* **Problem description**
Each record below must be reproduced exactly as it reads, with its images omitted.

* **Available data**
————

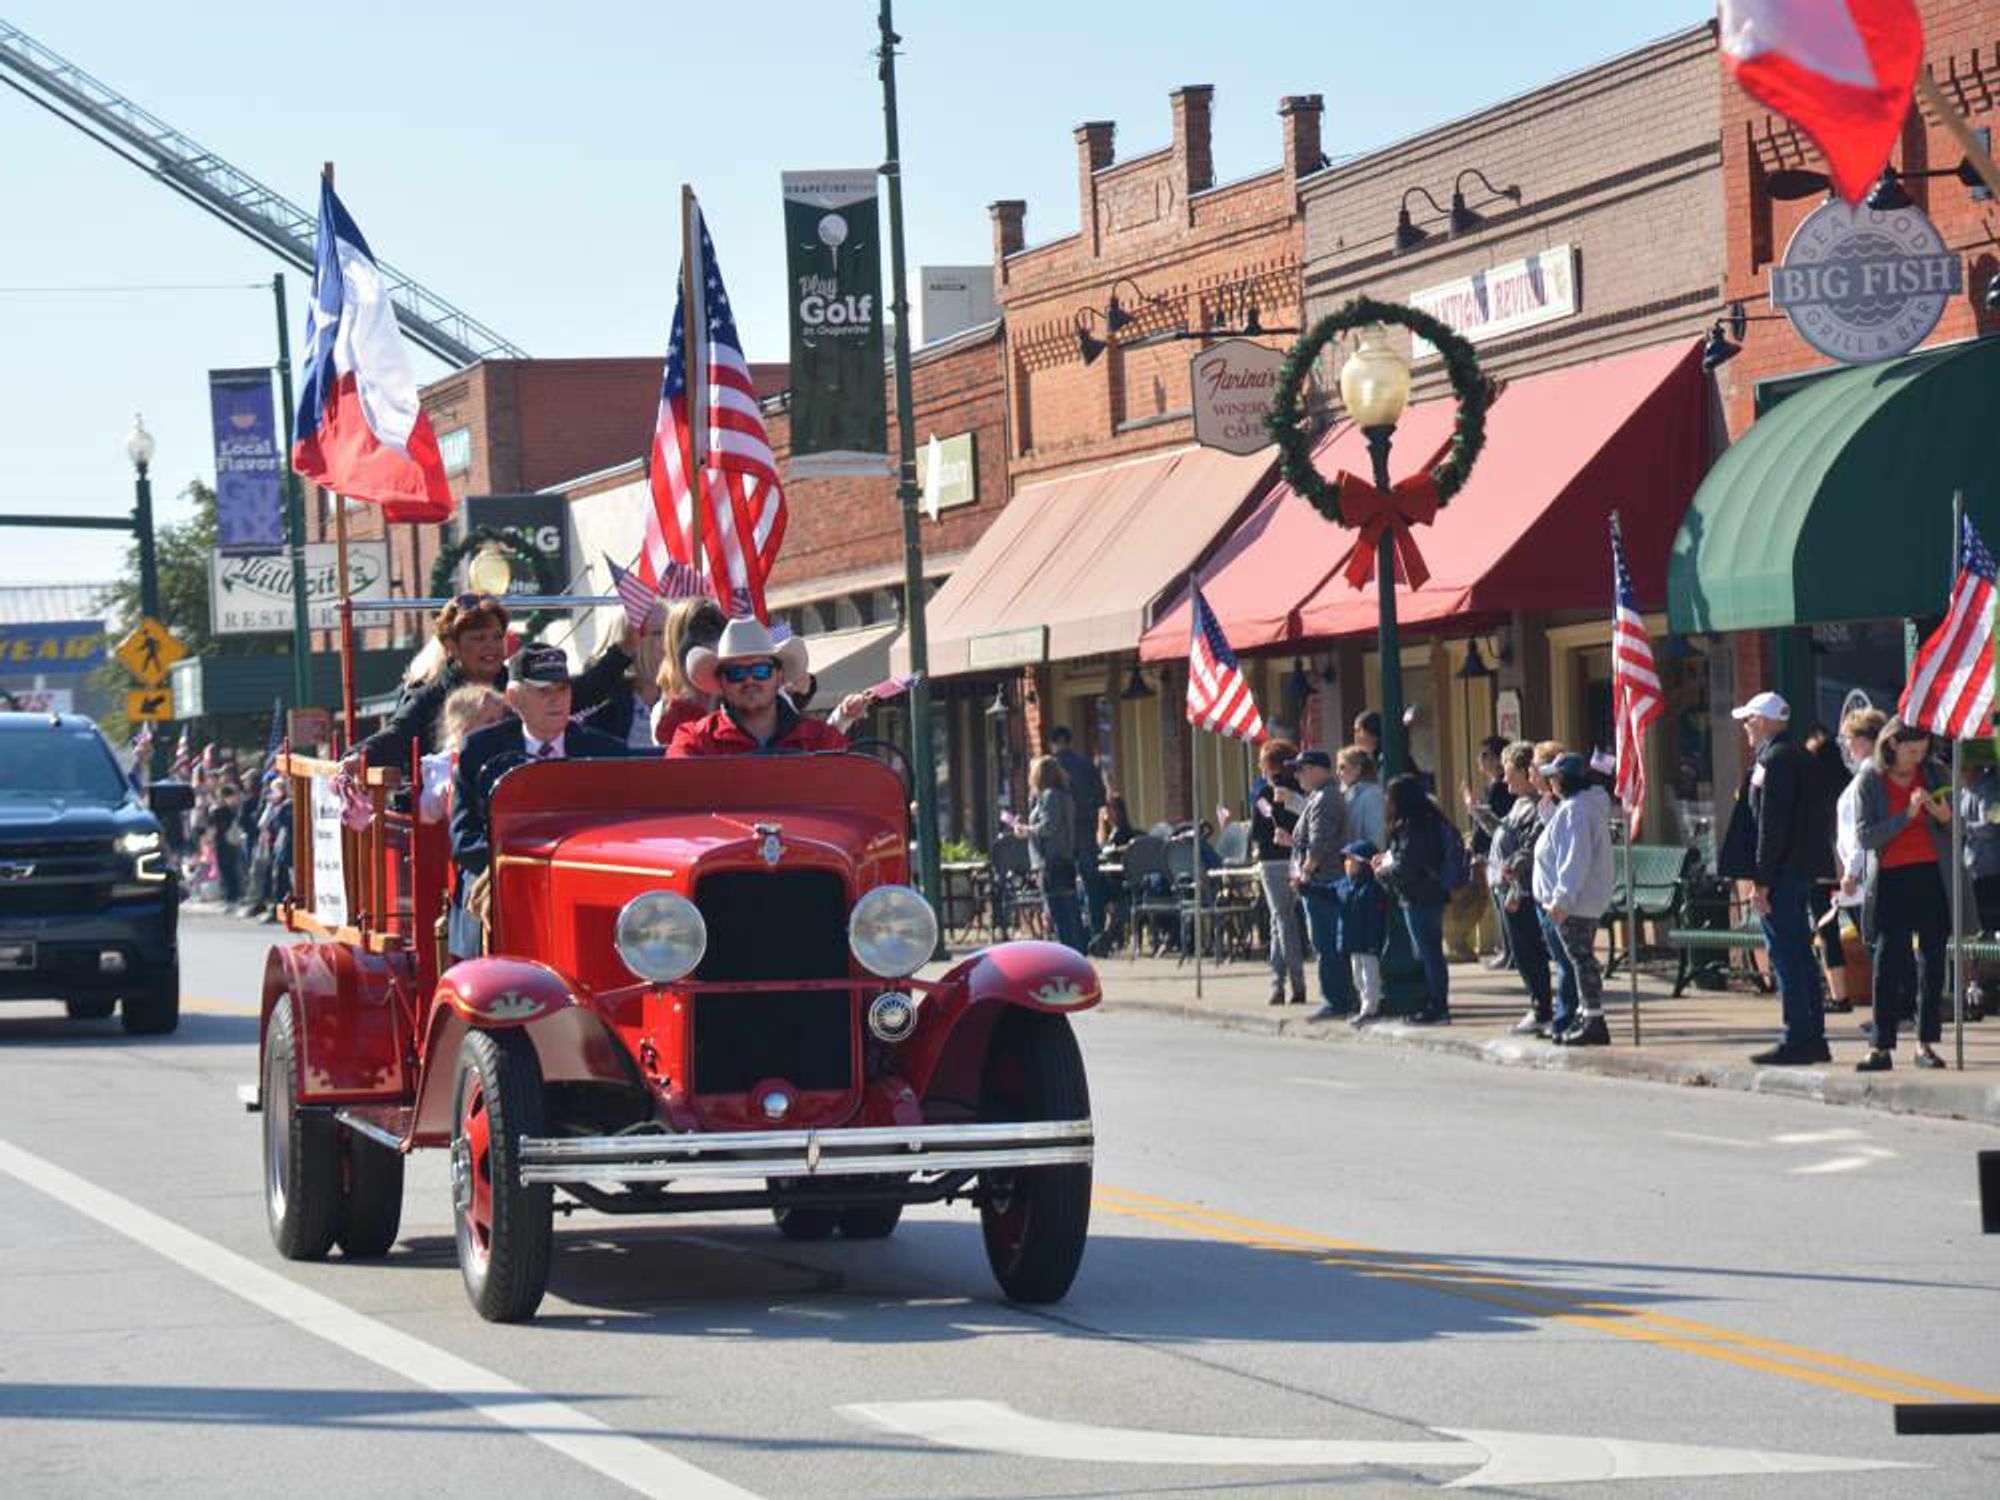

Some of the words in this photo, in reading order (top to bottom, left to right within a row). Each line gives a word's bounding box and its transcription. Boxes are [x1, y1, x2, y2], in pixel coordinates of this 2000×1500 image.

[1803, 205, 1928, 259] SEAOOD
[799, 273, 837, 301] Play
[1784, 266, 1850, 300] BIG
[1862, 258, 1952, 296] FISH
[800, 294, 872, 325] Golf
[1806, 310, 1866, 353] GRILL
[1896, 302, 1936, 340] BAR
[220, 439, 273, 456] Local
[218, 457, 276, 471] Flavor
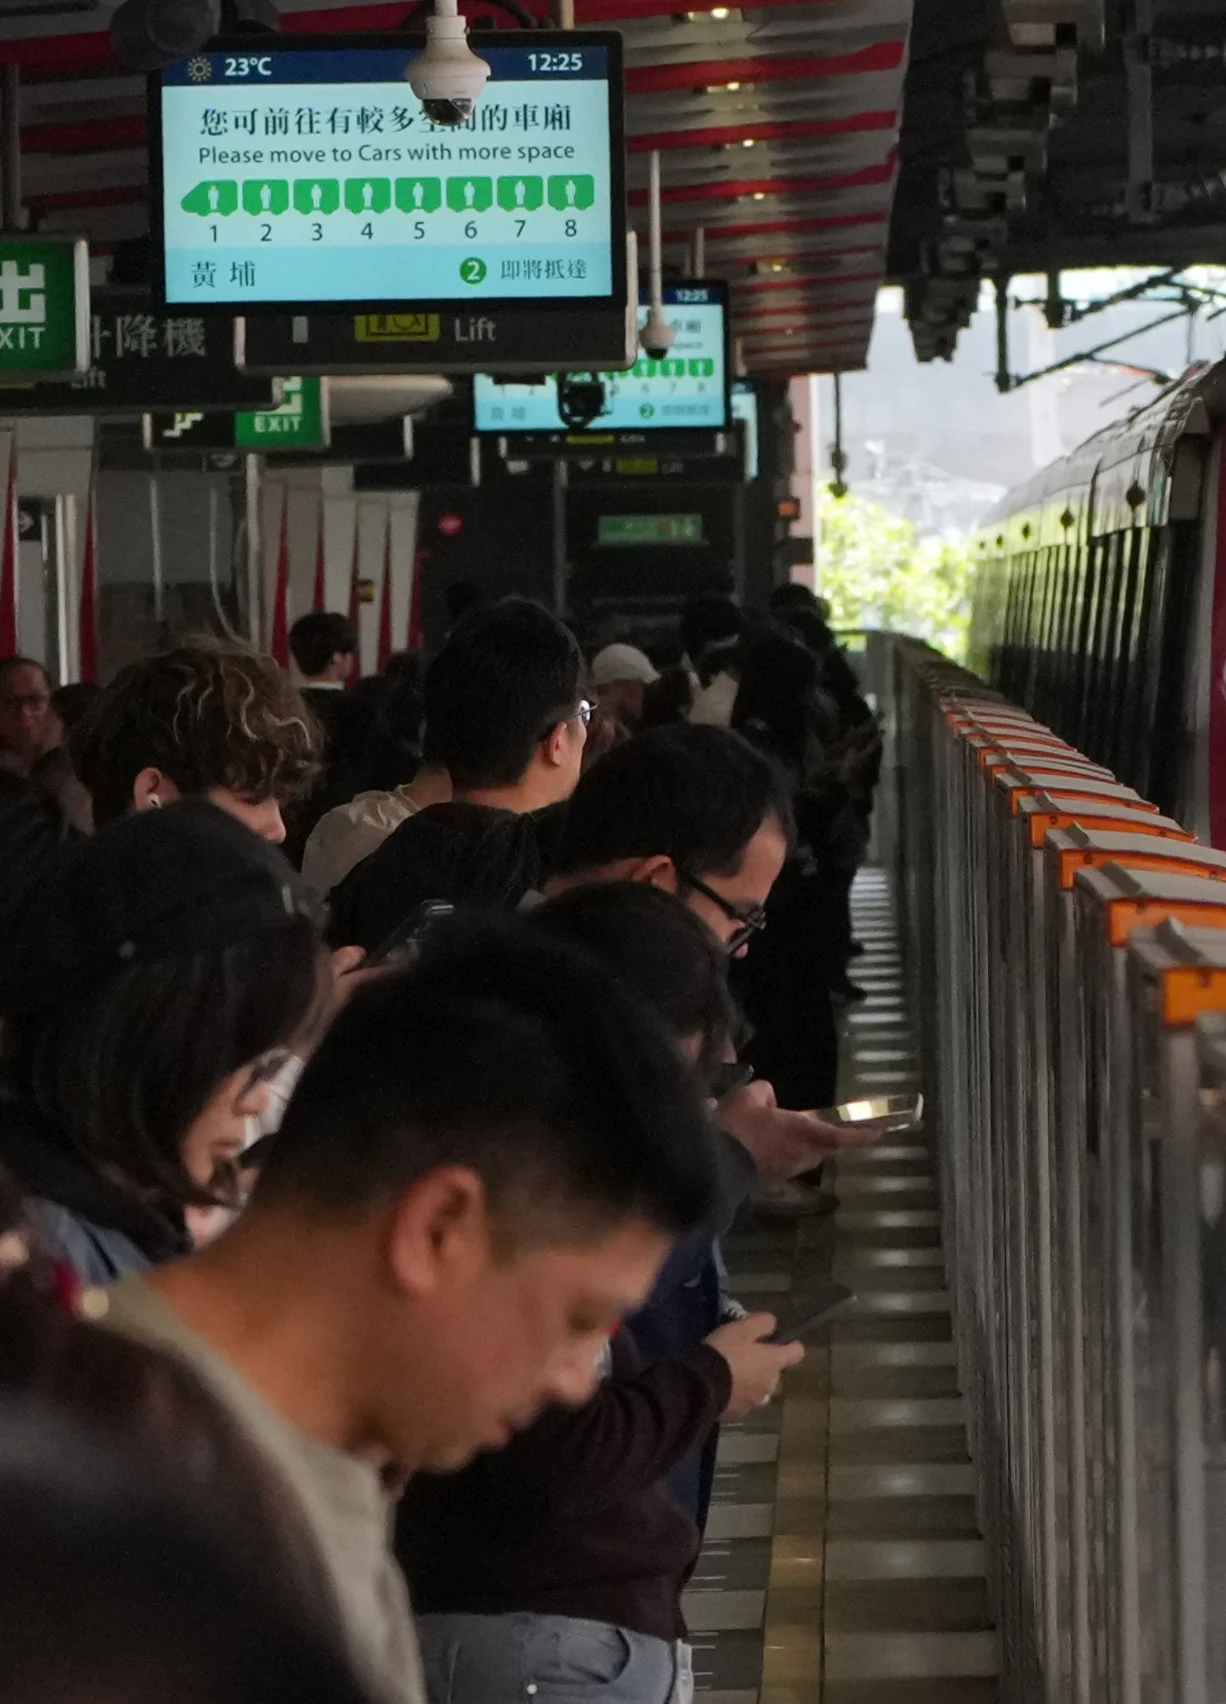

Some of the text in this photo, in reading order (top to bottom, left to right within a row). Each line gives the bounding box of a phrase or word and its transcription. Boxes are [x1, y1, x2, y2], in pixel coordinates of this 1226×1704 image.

[225, 57, 272, 76] 23°C
[528, 54, 582, 72] 12:25
[199, 143, 575, 164] Please move to Cars with more space
[209, 219, 577, 243] 1 2 3 4 5 6 7 8
[466, 260, 481, 280] 2
[500, 259, 587, 280] 即將抵達
[0, 327, 46, 349] XIT
[454, 316, 496, 341] Lift
[254, 415, 303, 433] EXIT

————

* **Response box**
Some of the words in this photo, in reading order (top to bottom, left to right within a row). Each line gives a word's bounding box and its transcription. Boxes are [x1, y1, x2, y2], in pixel coordinates of this 2000×1500 image.

[1803, 205, 1928, 259] SEAOOD
[799, 273, 837, 301] Play
[1784, 266, 1850, 300] BIG
[1862, 258, 1952, 296] FISH
[800, 294, 872, 325] Golf
[1806, 310, 1866, 353] GRILL
[1896, 302, 1936, 340] BAR
[220, 439, 273, 456] Local
[218, 457, 276, 471] Flavor

Some of the text in this photo, in reading order (top to bottom, left to right within a row). Each line gives the bounding box of a phrase or word and its transcription. Boxes are [x1, y1, x2, y2], in pixel coordinates of this 1226×1704 image.

[225, 57, 272, 76] 23°C
[528, 54, 582, 72] 12:25
[199, 143, 575, 164] Please move to Cars with more space
[209, 219, 577, 243] 1 2 3 4 5 6 7 8
[466, 260, 481, 280] 2
[500, 259, 587, 280] 即將抵達
[0, 327, 46, 349] XIT
[454, 316, 496, 341] Lift
[254, 415, 303, 433] EXIT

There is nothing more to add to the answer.